━━ Excerpted data ━━

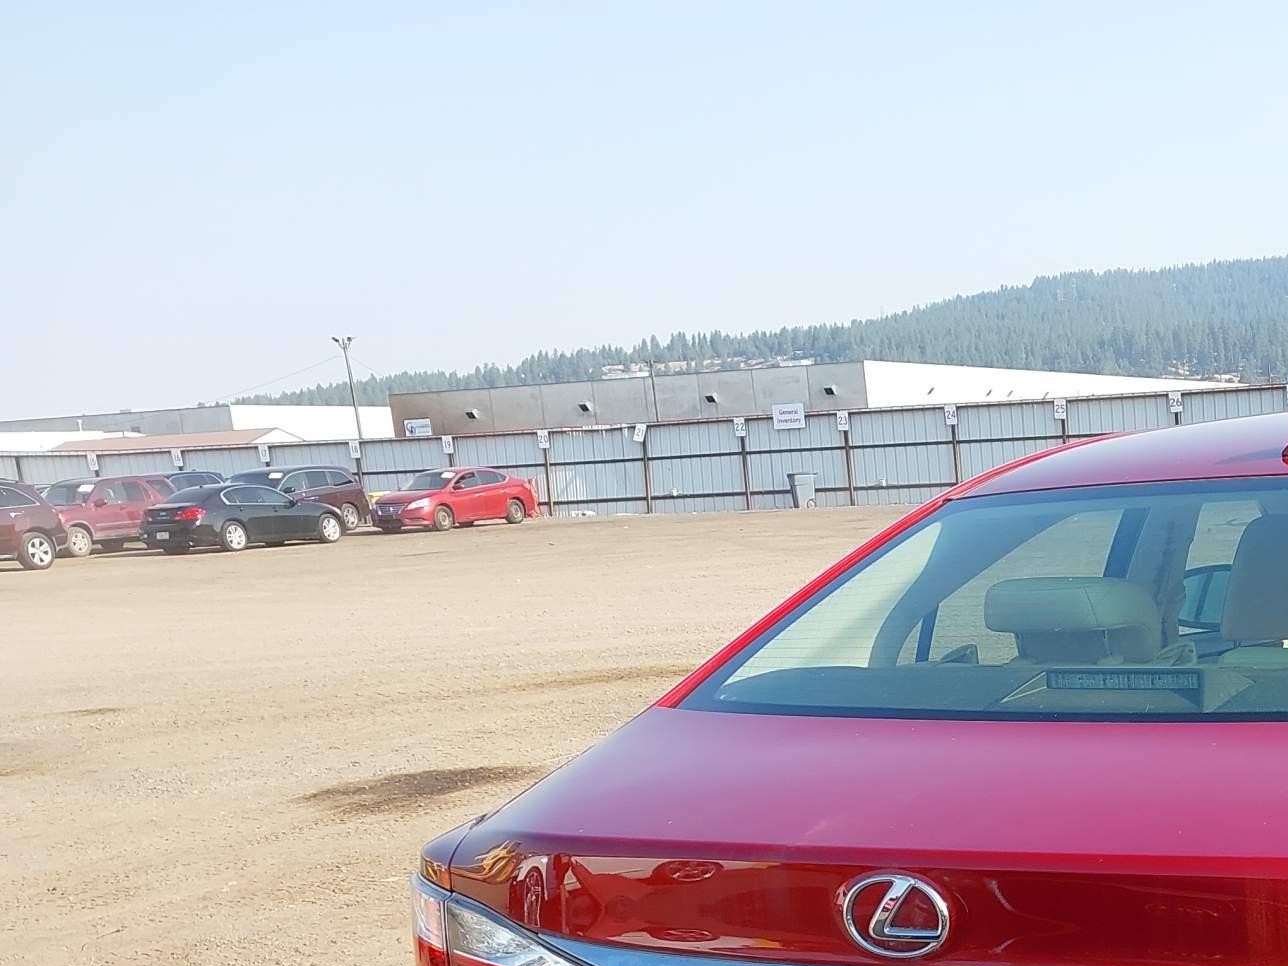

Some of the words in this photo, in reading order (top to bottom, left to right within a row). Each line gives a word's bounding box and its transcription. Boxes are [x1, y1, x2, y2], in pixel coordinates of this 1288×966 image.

[1169, 397, 1183, 408] 26
[778, 407, 799, 415] General
[1055, 404, 1066, 414] 25
[945, 410, 956, 420] 24
[838, 416, 848, 426] 23
[635, 427, 645, 437] 21
[735, 422, 746, 432] 22
[443, 439, 452, 449] 19
[538, 434, 549, 444] 20
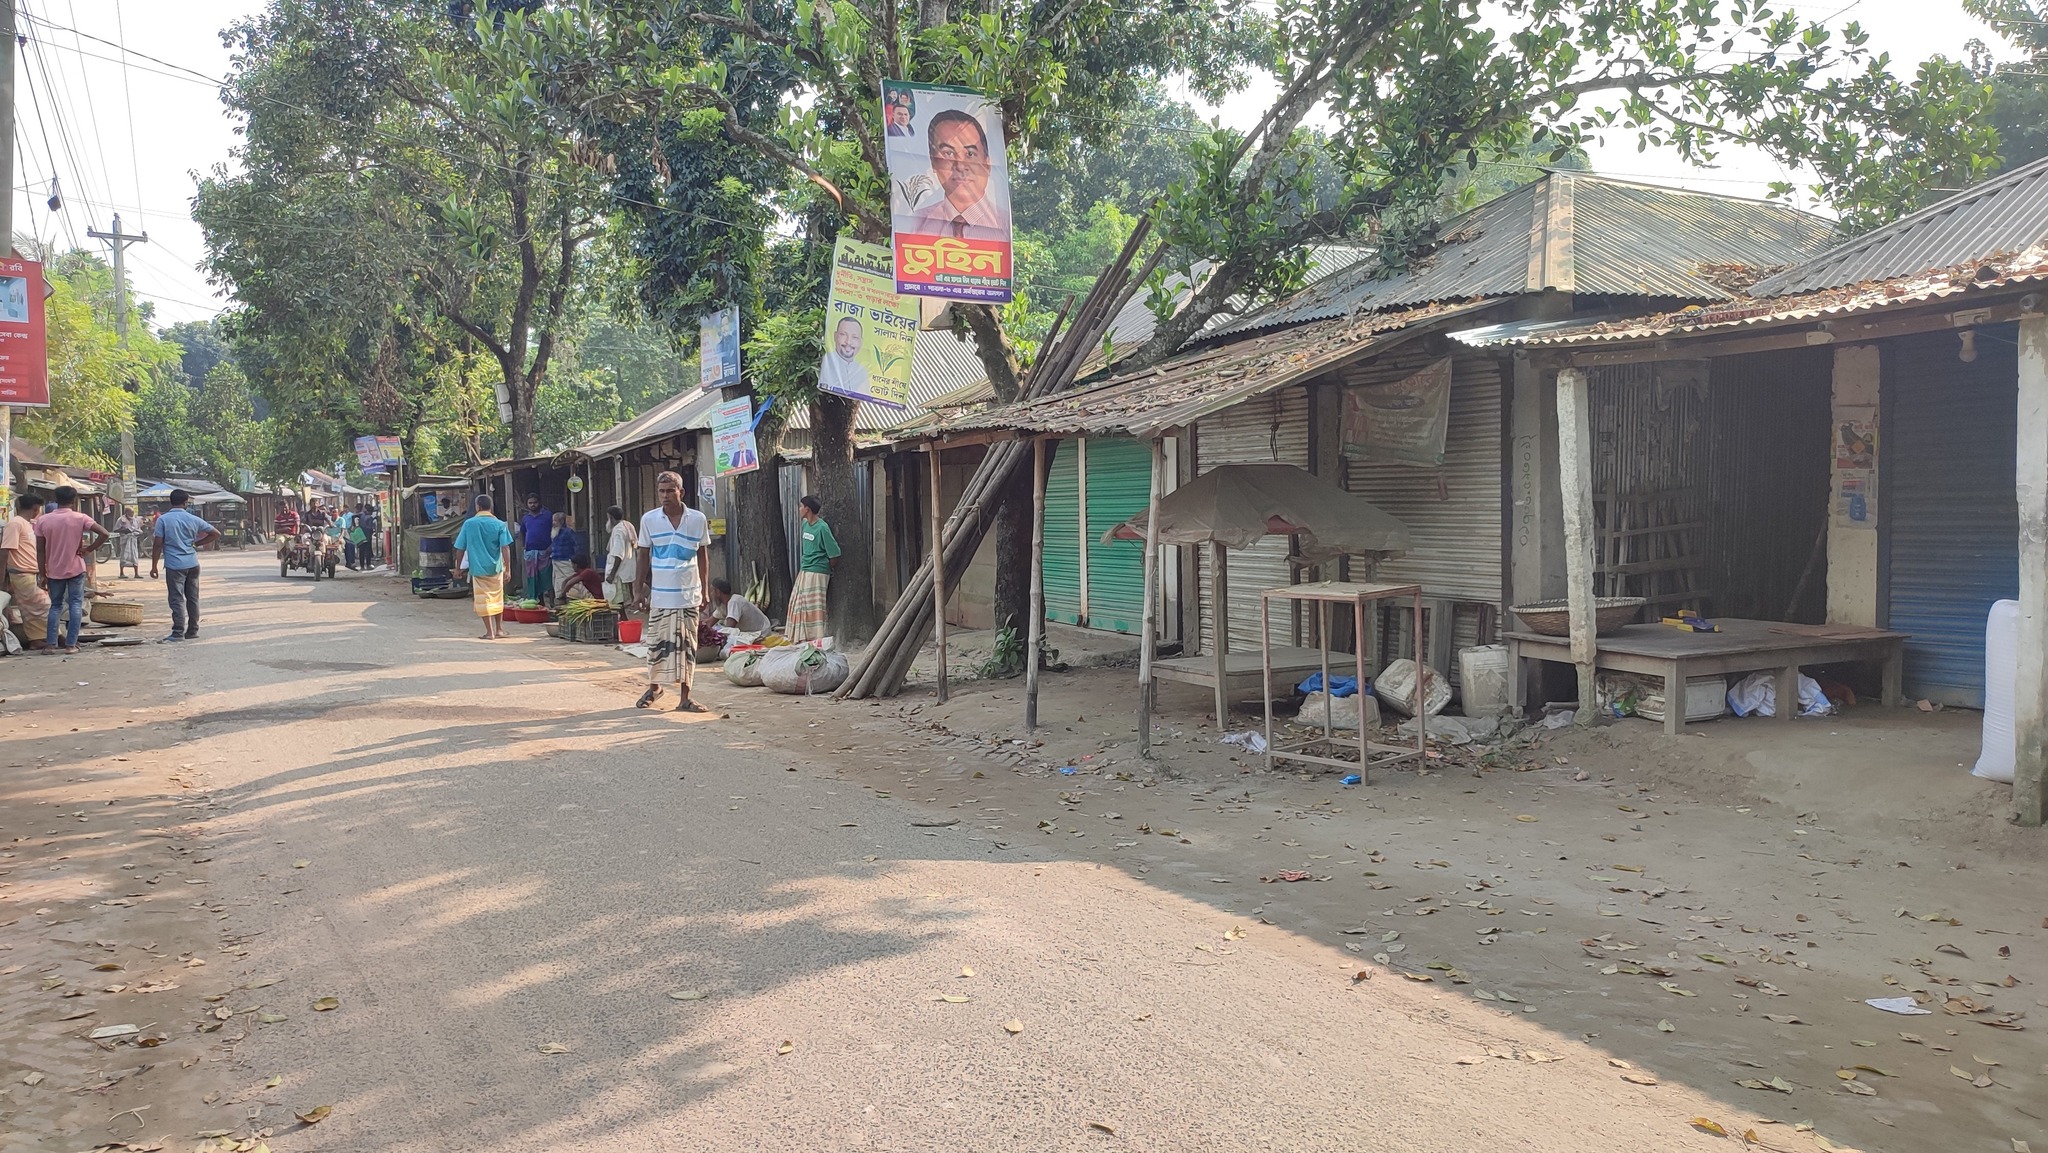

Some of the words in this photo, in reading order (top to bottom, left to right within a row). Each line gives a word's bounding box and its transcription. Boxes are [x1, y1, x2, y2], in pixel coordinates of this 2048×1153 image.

━━━

> _Problem to solve_
Without the pictures, return the whole of the data exactly as given.

> _Result for this task_
Some of the words in this photo, in reading order (top to bottom, left to right within a row). Each line gives a word's bounding box and its transcription. Boxes are [x1, y1, x2, y2], in pixel coordinates of this 1288×966 image.

[1169, 397, 1183, 408] 26
[778, 407, 799, 415] General
[1055, 404, 1066, 414] 25
[945, 410, 956, 420] 24
[838, 416, 848, 426] 23
[635, 427, 645, 437] 21
[735, 422, 746, 432] 22
[443, 439, 452, 449] 19
[538, 434, 549, 444] 20

Some of the words in this photo, in reading order (top to bottom, left to right within a row). Each line gives a word's bounding box and its transcription. Boxes are [x1, y1, x2, y2], in pixel coordinates of this 2048×1153 image.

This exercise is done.